> [Given records]
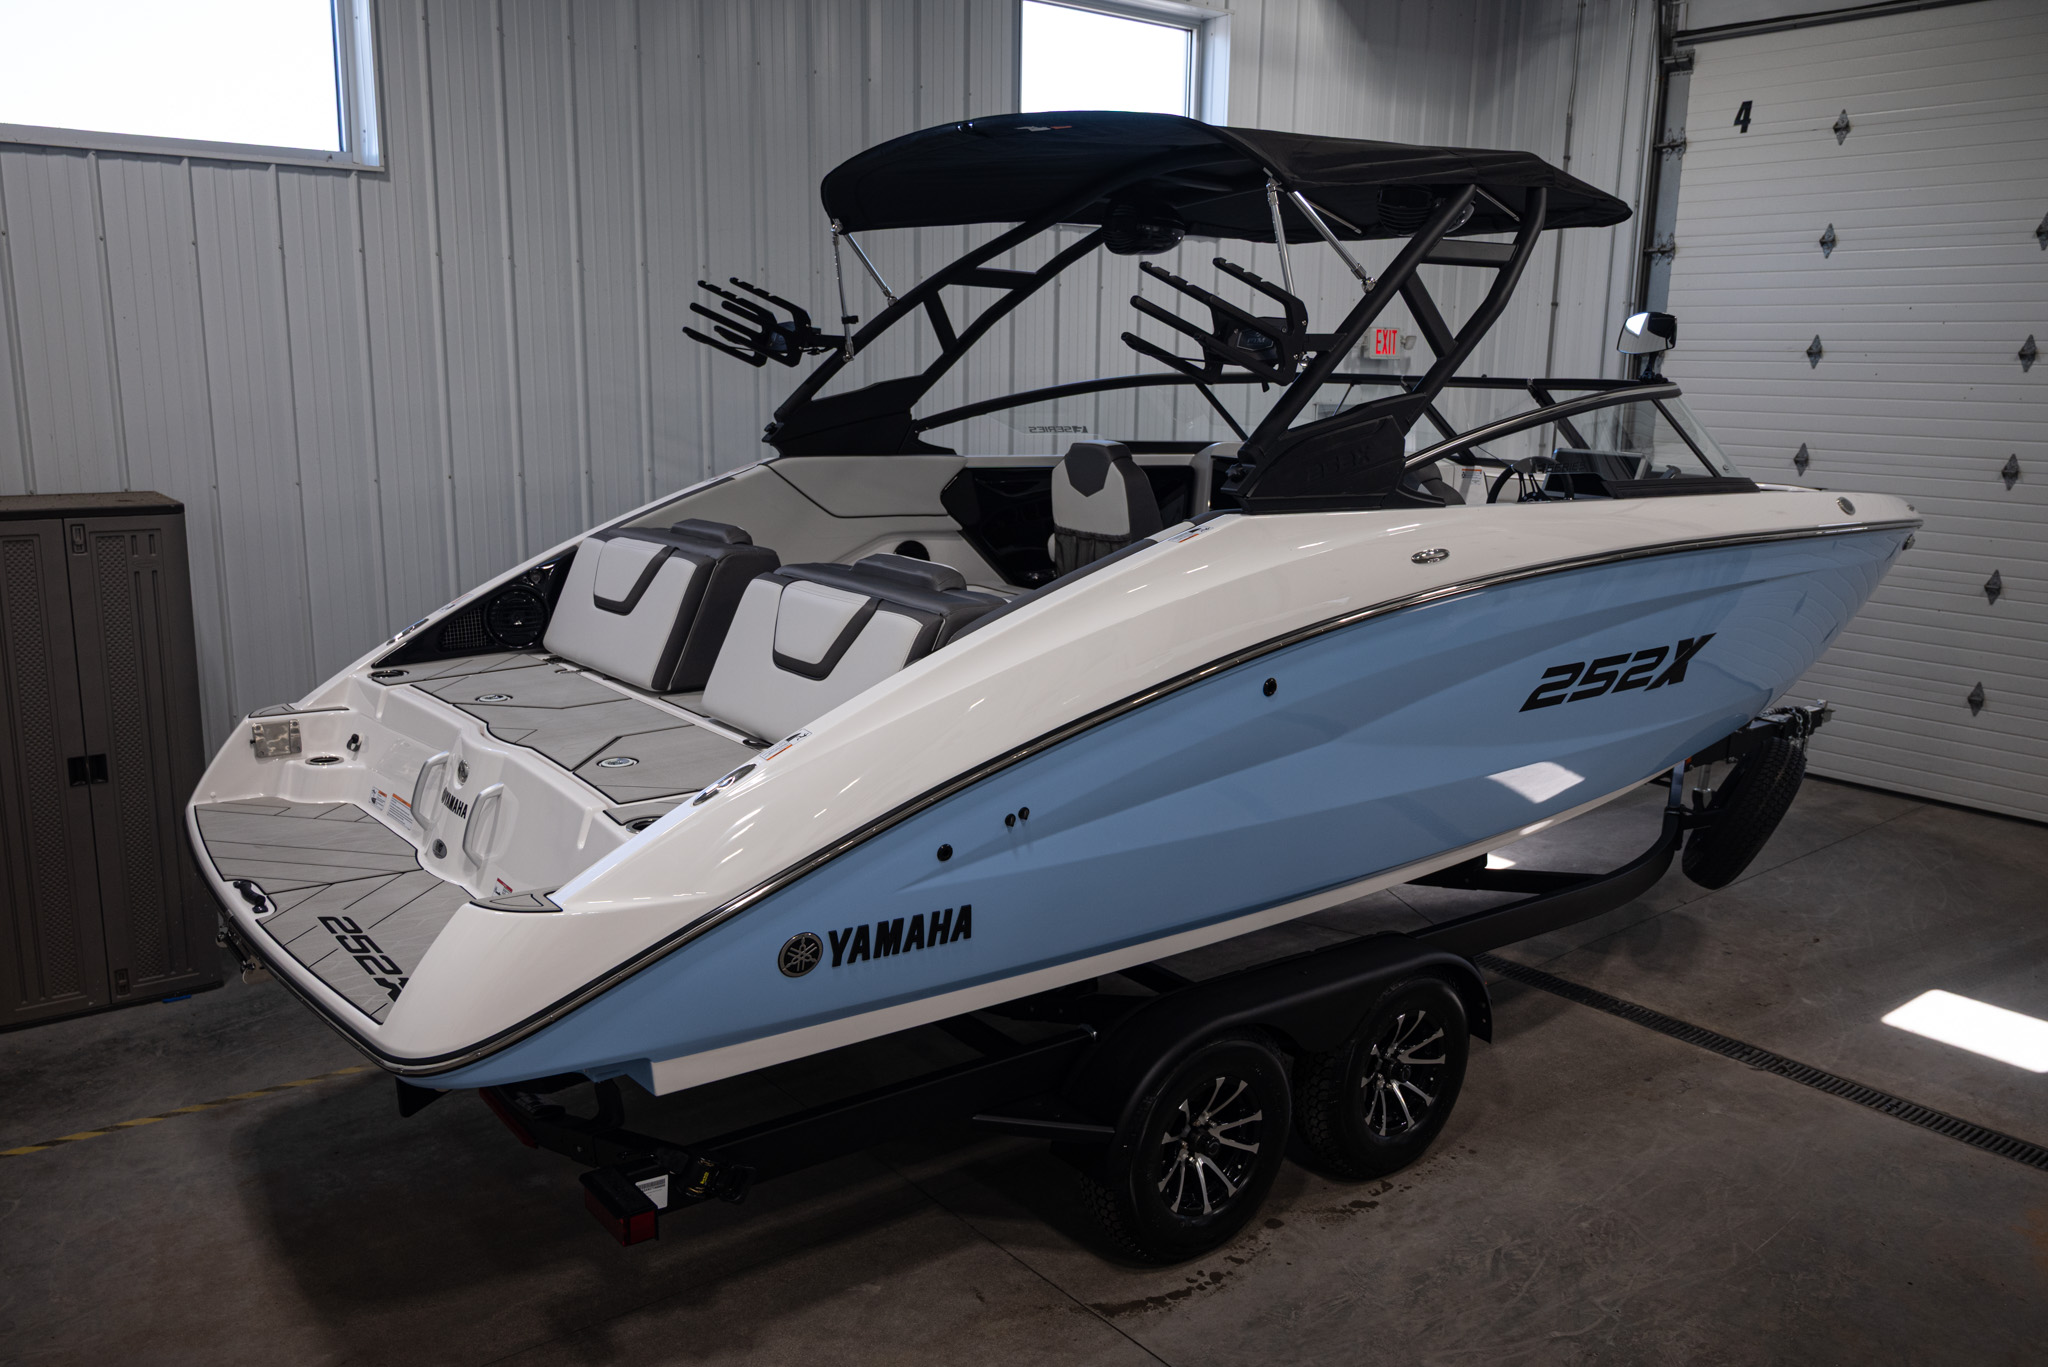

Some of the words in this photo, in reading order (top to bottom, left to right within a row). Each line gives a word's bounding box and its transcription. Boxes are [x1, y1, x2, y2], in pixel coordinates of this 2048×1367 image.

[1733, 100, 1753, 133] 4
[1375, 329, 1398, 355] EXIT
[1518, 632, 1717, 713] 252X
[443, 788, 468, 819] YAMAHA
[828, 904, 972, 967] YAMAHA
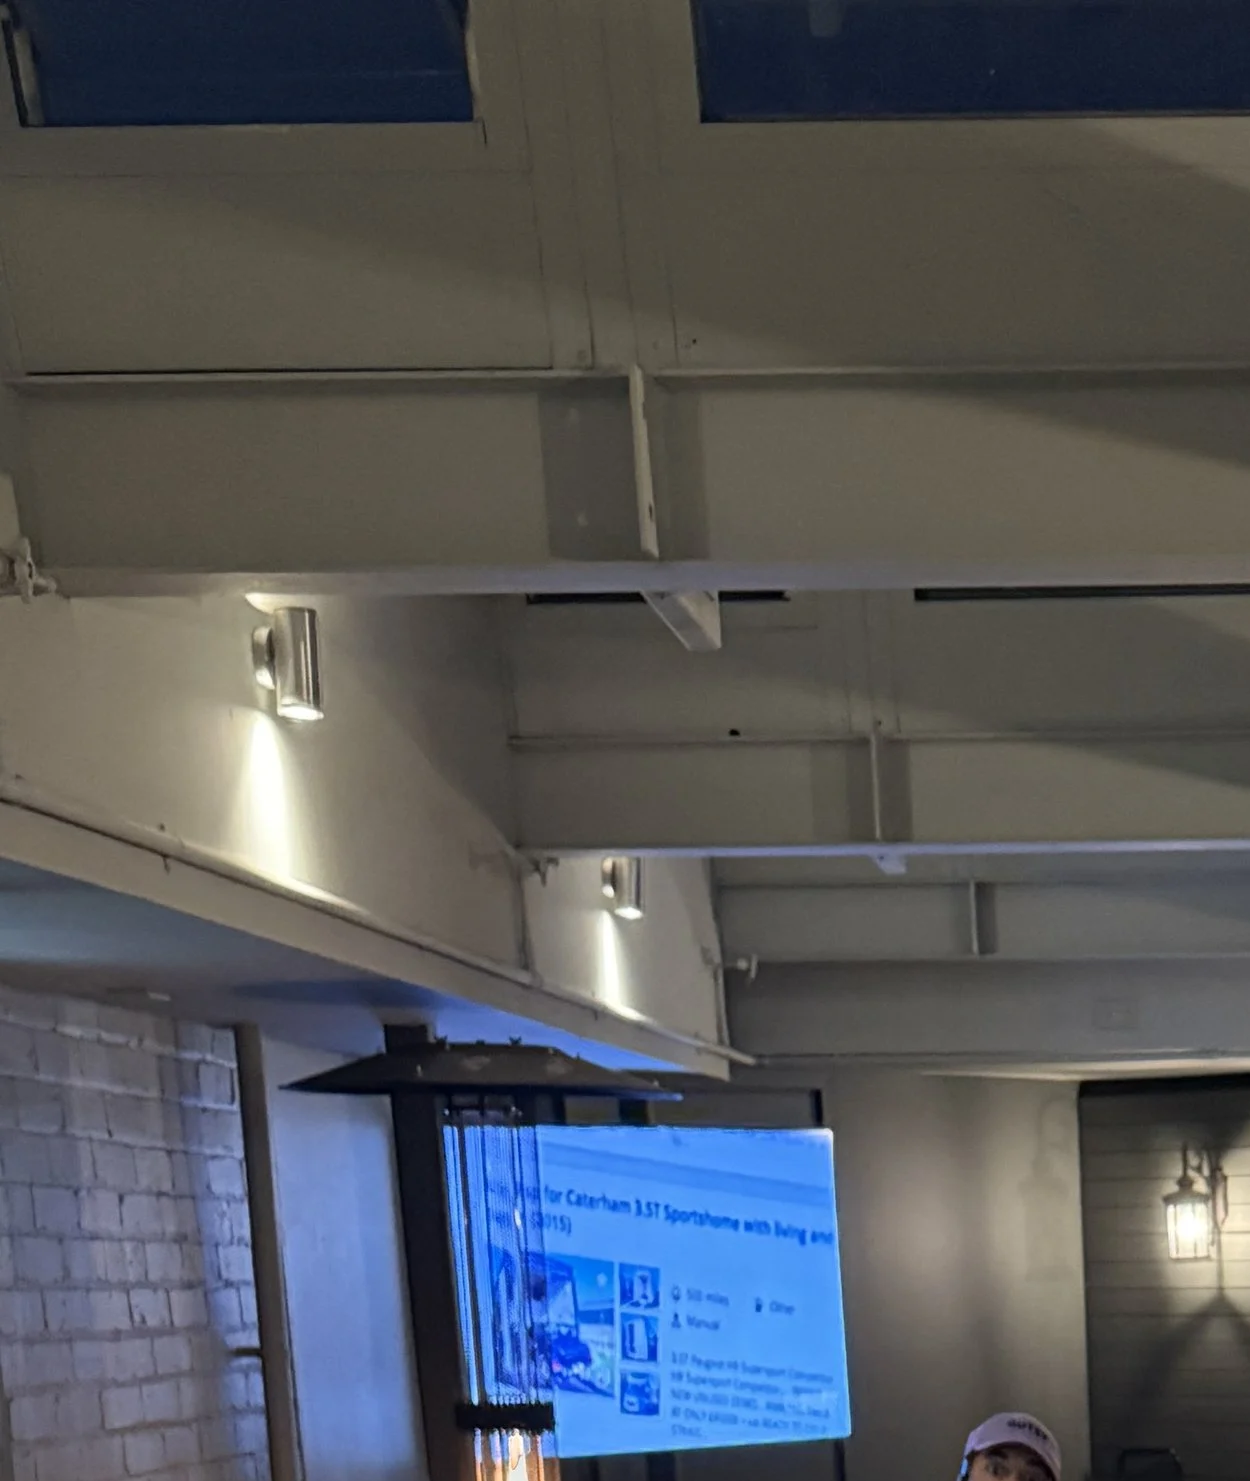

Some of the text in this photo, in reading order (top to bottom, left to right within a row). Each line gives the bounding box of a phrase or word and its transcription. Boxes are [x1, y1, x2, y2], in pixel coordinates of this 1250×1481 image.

> [Task requirements]
Give back the material word for word, leaving out its pictures.

> [Answer section]
Some of the words in this photo, in reading order (top to bottom, left to right within a row). Each line gives a word's bounding box and its transcription. Boxes are [x1, y1, x2, y2], in pixel coordinates of this 2048×1367 image.

[1733, 100, 1753, 133] 4
[1375, 329, 1398, 355] EXIT
[1518, 632, 1717, 713] 252X
[443, 788, 468, 819] YAMAHA
[828, 904, 972, 967] YAMAHA

Some of the text in this photo, in reading order (top to bottom, left to right within a row). Each line gives the bounding box of a phrase or word and its transcription. Boxes are [x1, y1, x2, y2], in pixel coordinates of this 1250×1481 image.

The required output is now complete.